Exercise aim – A faithful copy of the data, pictures omitted, is the required answer.

Records for the exercise –
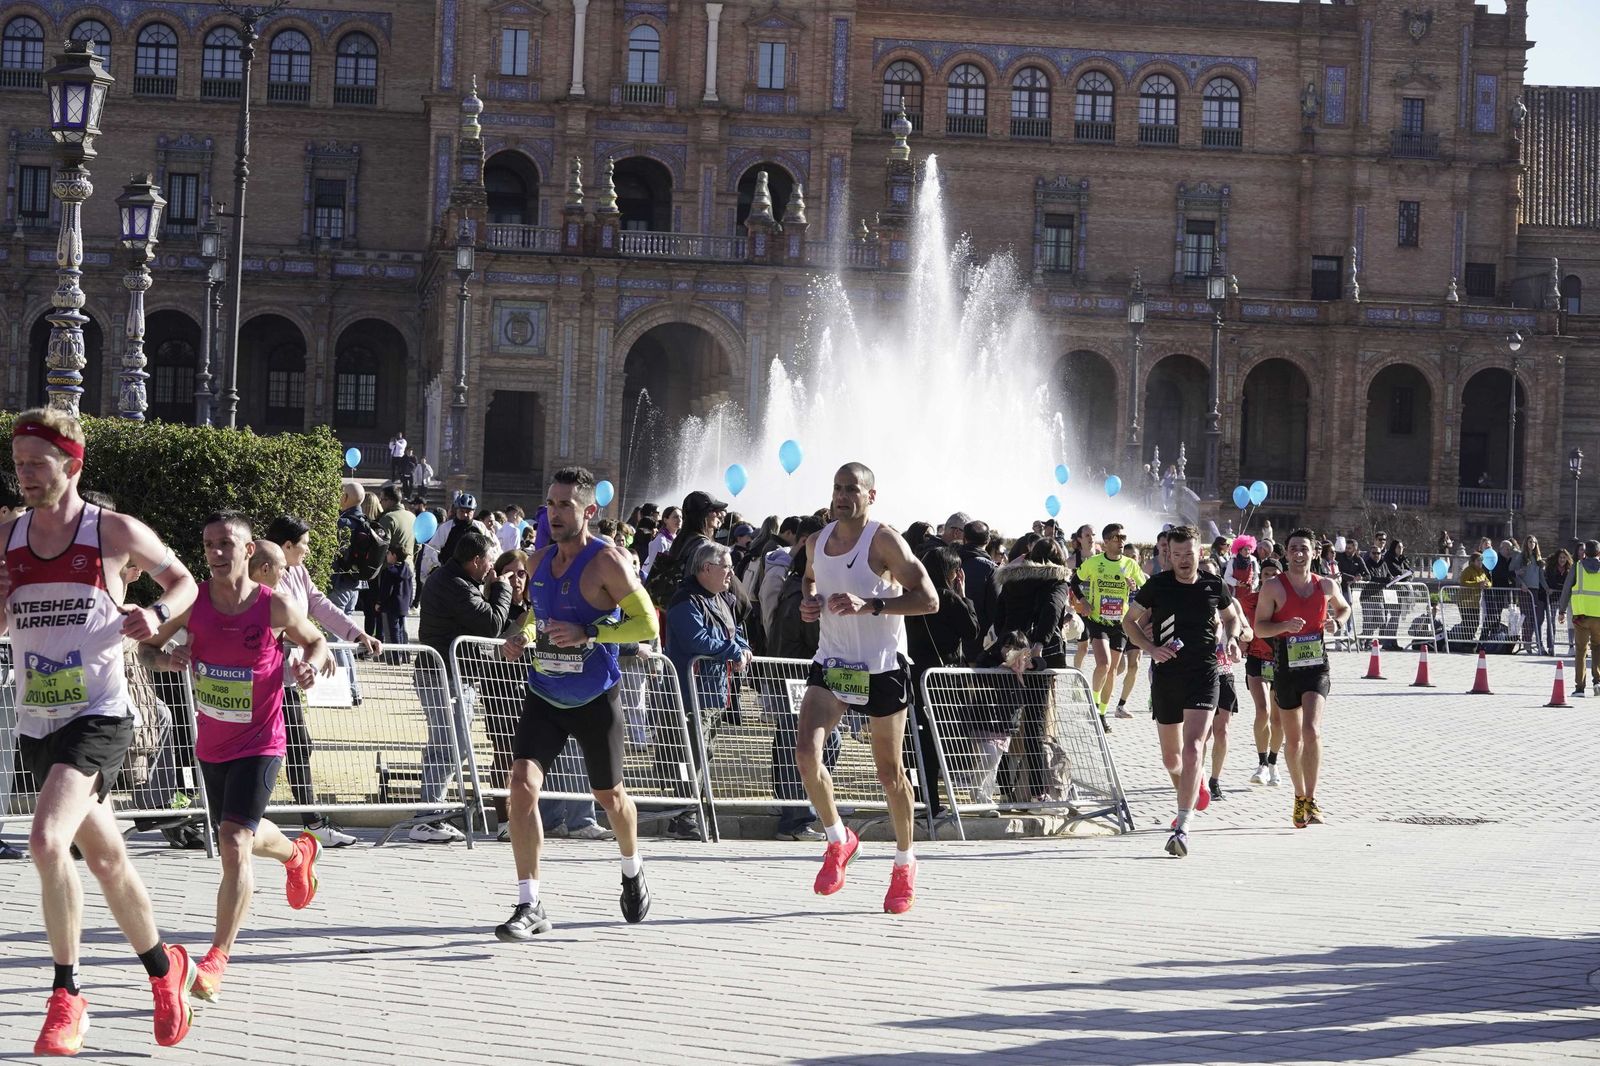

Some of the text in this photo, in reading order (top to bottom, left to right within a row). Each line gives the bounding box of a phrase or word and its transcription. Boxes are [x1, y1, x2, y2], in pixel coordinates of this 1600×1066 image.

[13, 598, 96, 614] GATESHEAD
[558, 653, 582, 661] MONTES
[1297, 650, 1315, 660] JACK
[210, 668, 245, 678] ZURICH
[212, 684, 229, 694] 3088
[844, 684, 869, 694] SMILE
[25, 687, 82, 704] DOUGLAS
[196, 688, 250, 709] TOMASIYO
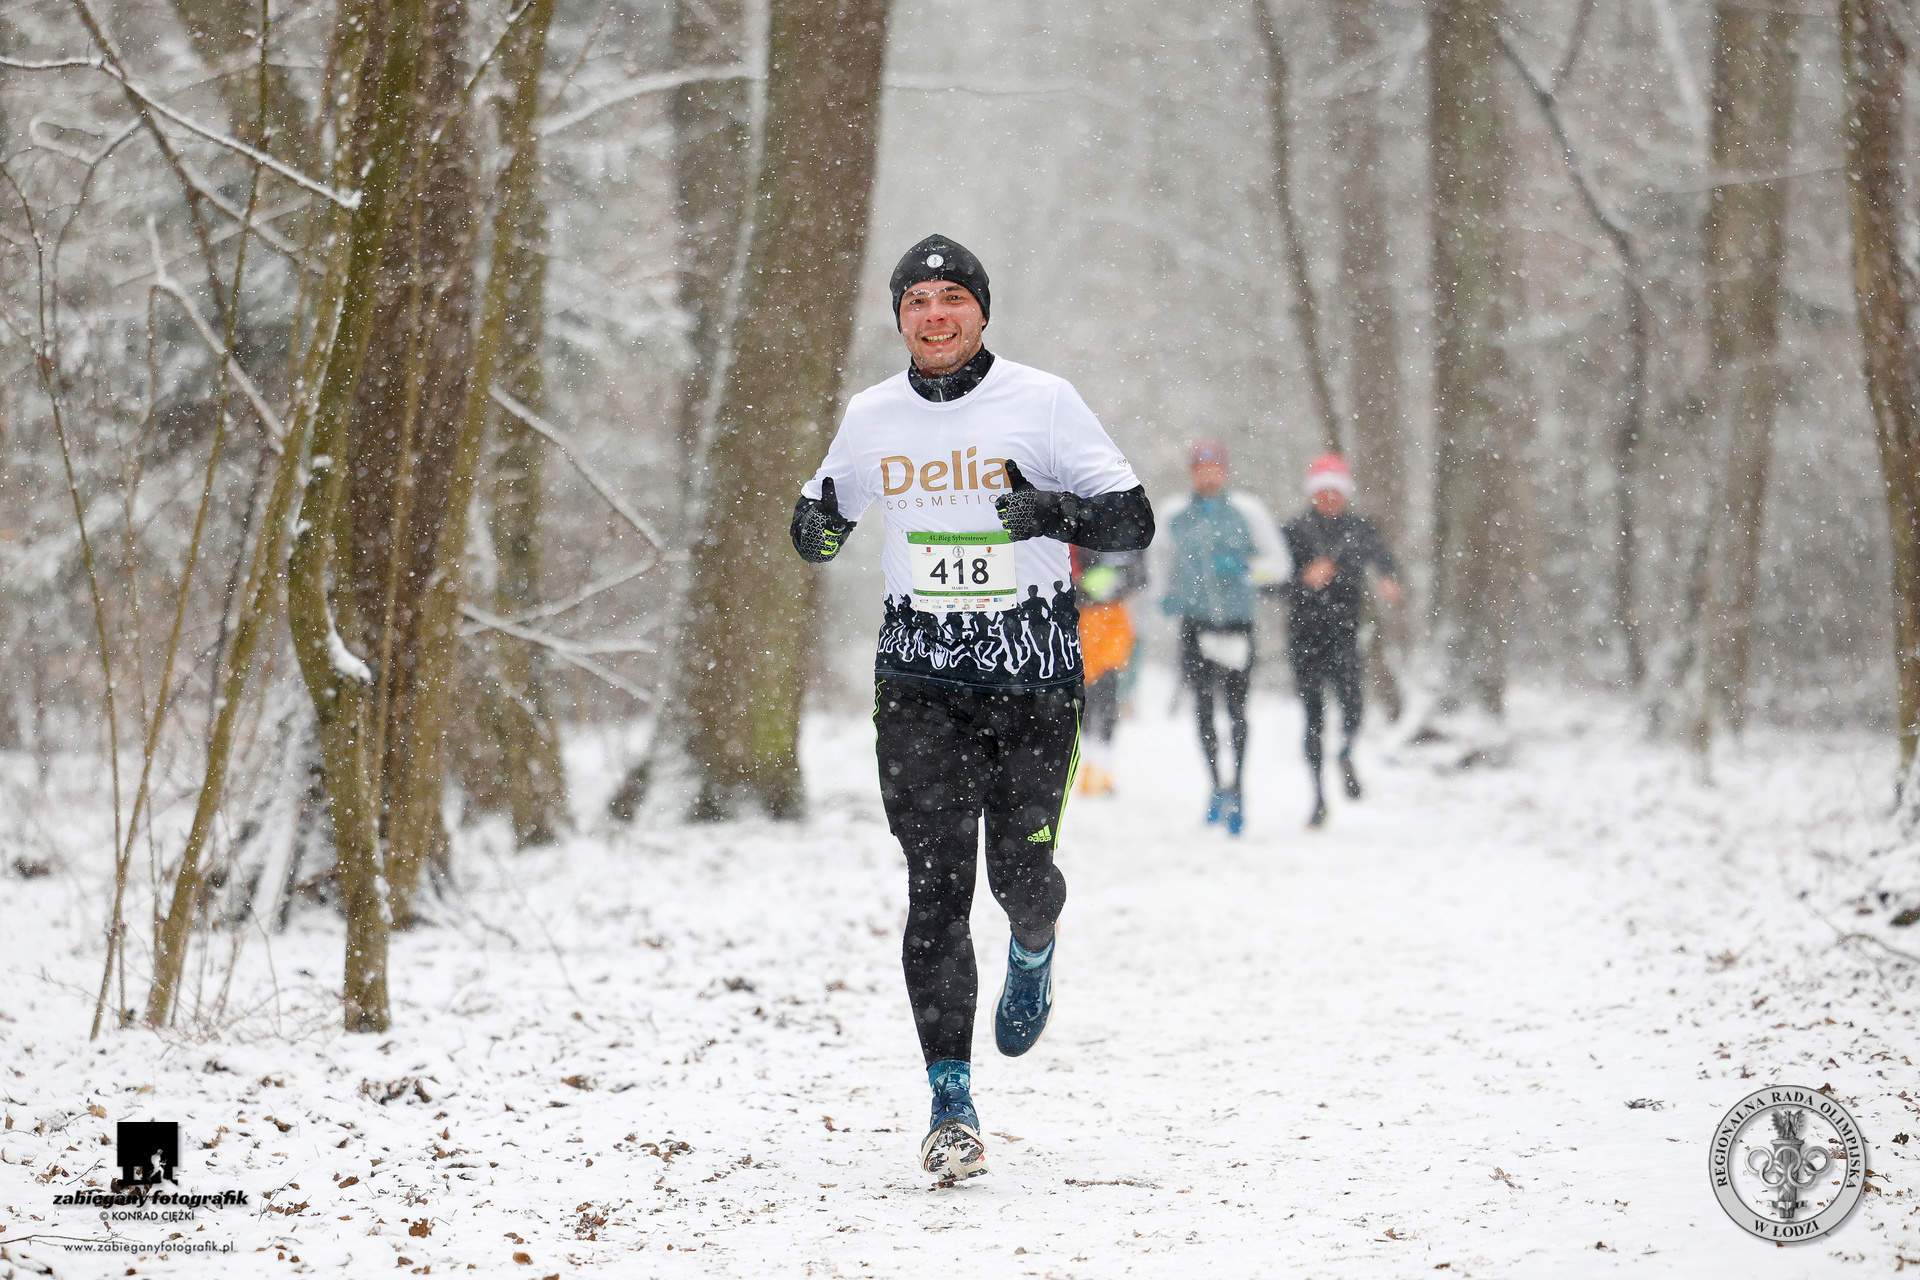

Answer to this exercise –
Some of the text in this photo, in reading order (top to bottom, left to right within a row). Each line gives the bounding box of a phrase or word and its transcription. Boxes are [x1, y1, x2, y2], in pixel coordinates of this 1600×1066 image.

[13, 598, 96, 614] GATESHEAD
[558, 653, 582, 661] MONTES
[1297, 650, 1315, 660] JACK
[210, 668, 245, 678] ZURICH
[212, 684, 229, 694] 3088
[844, 684, 869, 694] SMILE
[25, 687, 82, 704] DOUGLAS
[196, 688, 250, 709] TOMASIYO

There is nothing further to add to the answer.